Maybe I will have to try this experiment again and pay closer attention to the spark characteristics and sound. I didn't spend much time on it the first time because I couldn't perceive any noticeable differences.
One advantage of the SRSG over the ARSG that I thought of might be fewer voltage reversals. If you use surplus commercial energy discharge capacitors (Maxwell, etc.) like I do then they are rated for a certain voltage reversal such as 20% and it is advantageous to stay within that spec for maximum capacitor life. I have no experience with MMCs so I can't say if voltage reversal is as important for those. It seems to me that a properly synchronized SRSG will experience no voltage reversals due to the spark gap timing. This does not include the voltage reversals due to the ringing of the damped primary circuit oscillation that happens during each firing event. For example, consider a ARSG with 4 flying electrodes and 2 stationary electrodes (2 gaps). Imagine that the beginning of a charging event begins at 135 degrees and the firing point is at 225 degrees. For the first half of this cycle (135 degrees to 180 degrees), the capacitor is being applied with a positive voltage. For the second half of this cycle (180 degrees to 225 degrees), a negative voltage of equal peak magnitude is being applied to the capacitor. This constitutes a voltage reversal to the capacitor of perhaps close to 100%. This would occur 120 times per second. It seems to me that this is not conducive to maximum capacitor life. It may be that the number of voltage reversals due to this scenario is negligible compared to the number of voltage reversals that happen during the damped oscillation of the primary circuit over one firing event.
Steve
----- Original Message -----
From: "phil" <pip@xxxxxxxxxxx>
To: "Tesla Coil Mailing List" <tesla@xxxxxxxxxx>
Sent: Wednesday, July 11, 2018 5:17:46 AM
Subject: Re: [TCML] SRSG 200bps or 100bps choice
Steve, et al
I imagine you were well pi##ed off (not sure that works in American
English) and sadly I doubt this will help, but anyway here goes:
I think an SRSG setup only really has any worthwhile benefit on the
following break-rates: 100, 200, and lesser extent 300 (120, 240, 360 on
60Hz). Those three are the ones I've physically used, 400bps was only
ever looked at using simulation software, and I can't remember what it
showed now anyway, but I doubt there was any benefit.
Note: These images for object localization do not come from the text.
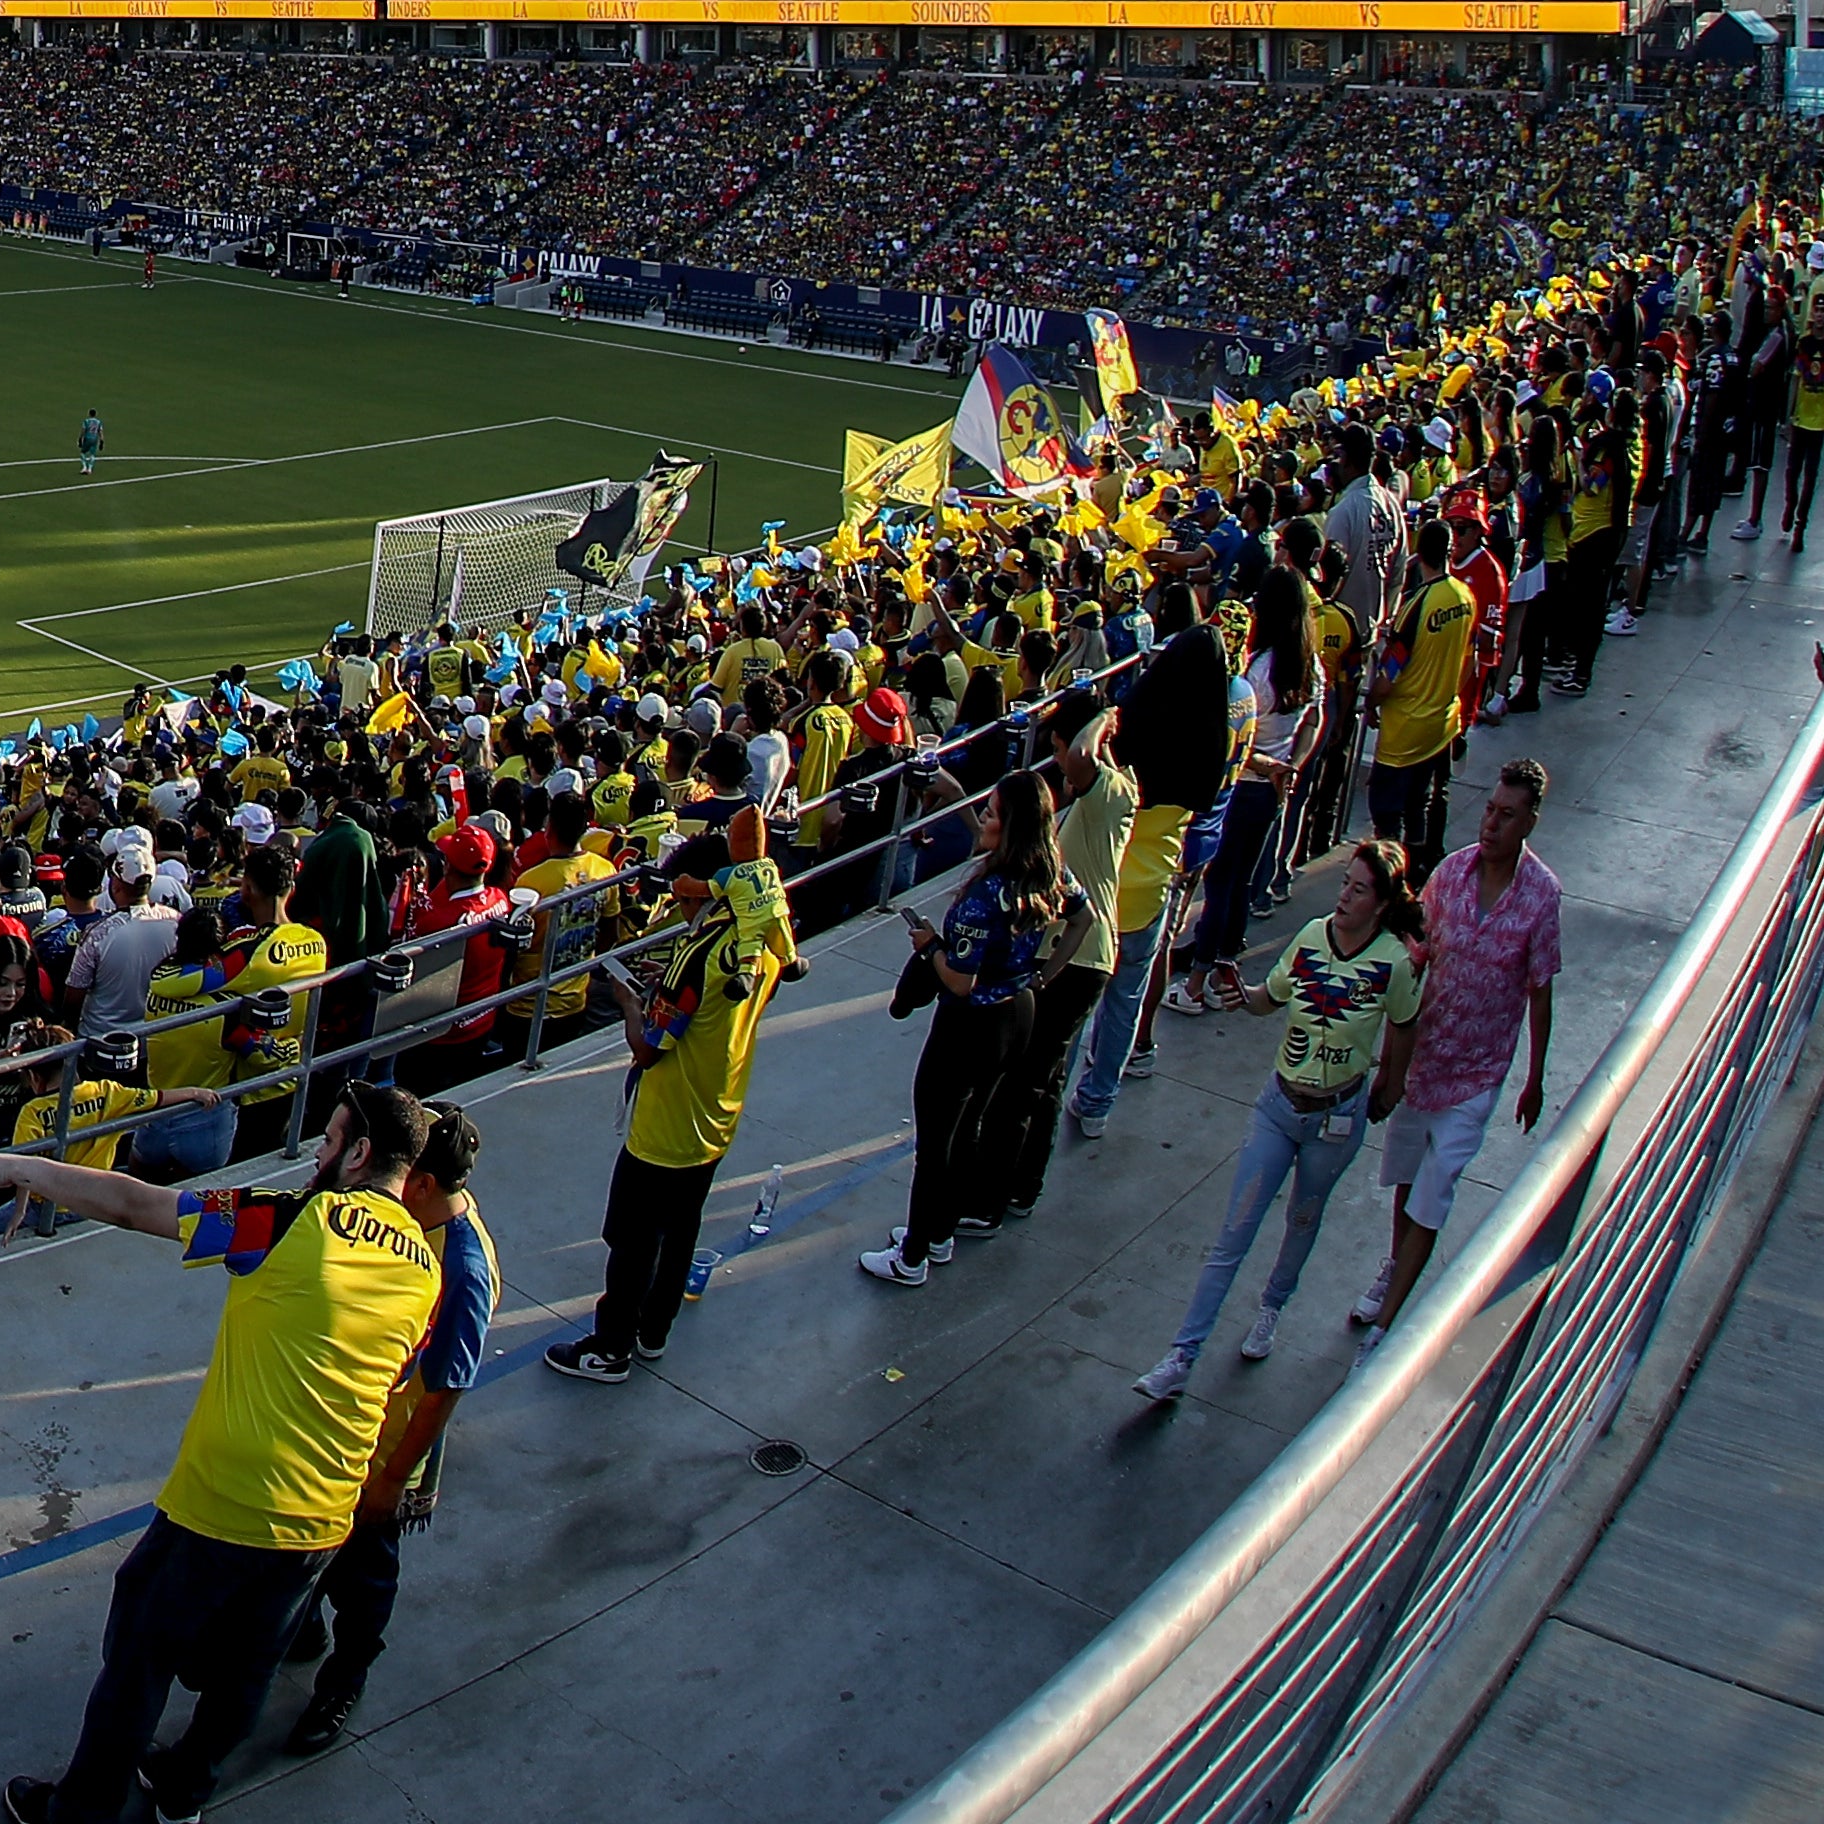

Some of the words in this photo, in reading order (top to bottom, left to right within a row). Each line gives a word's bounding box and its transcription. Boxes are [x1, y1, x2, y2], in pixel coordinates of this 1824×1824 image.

[70, 1, 82, 15] LA
[128, 1, 167, 15] GALAXY
[216, 1, 227, 16] VS
[272, 1, 314, 16] SEATTLE
[389, 1, 431, 17] UNDERS
[513, 2, 528, 18] LA
[587, 2, 639, 19] GALAXY
[703, 2, 718, 20] VS
[778, 2, 839, 22] SEATTLE
[911, 2, 991, 23] SOUNDERS
[1108, 4, 1128, 24] LA
[1210, 4, 1276, 26] GALAXY
[1360, 4, 1380, 27] VS
[1464, 5, 1539, 29] SEATTLE
[920, 296, 943, 327] LA
[968, 302, 1044, 346] GALAXY
[1428, 601, 1473, 633] Corona
[654, 799, 665, 812] P
[752, 867, 774, 894] 12
[1315, 1045, 1353, 1066] AT&T
[328, 1202, 433, 1275] Corona
Out of the three I've tried and used, one stood out as being by far the
easiest to determine the correct phase point for, and that, as you've
guessed Steve, was 200bps (240 for you).
The background for others is that if you imagine the upper positive half
of a sine wave (just the 0 to 180 degrees), then 100 bps will have one
firing occur in that 180 deg, and altering the phase of the RSG motor
merely alters the firing point position on the sine wave of the mains
voltage, resulting in a higher or lower MMC firing voltage.
200 bps will have two firing points on that 180 deg curve, so altering
the phase with 200 bps gives a higher voltage in one of the firing
points, and a lower voltage in the other one, so you aim for a phase
position that gives an equal firing voltage in each firing.
300 bps gives a confusing result where altering the phase results in one
firing voltage point increasing, but it alters the other two, so you aim
to have three firings (left to right) of medium voltage, highest
voltage, and again medium voltage, with the two 'medium' firings being
of equal voltage (ish) levels.
Now we know the voltage changes occurring consider the effect on the
sound the coil makes,
100bps gives no real change in sound, while 300 has the tone sound a
#bit# less ragged when correctly phased, (because the two medium voltage
peaks will even out with the higher single peak sandwiched between
them), but 200 bps has by far the greatest audio (& performance)
advantage, as the two equal firings create a steady tone.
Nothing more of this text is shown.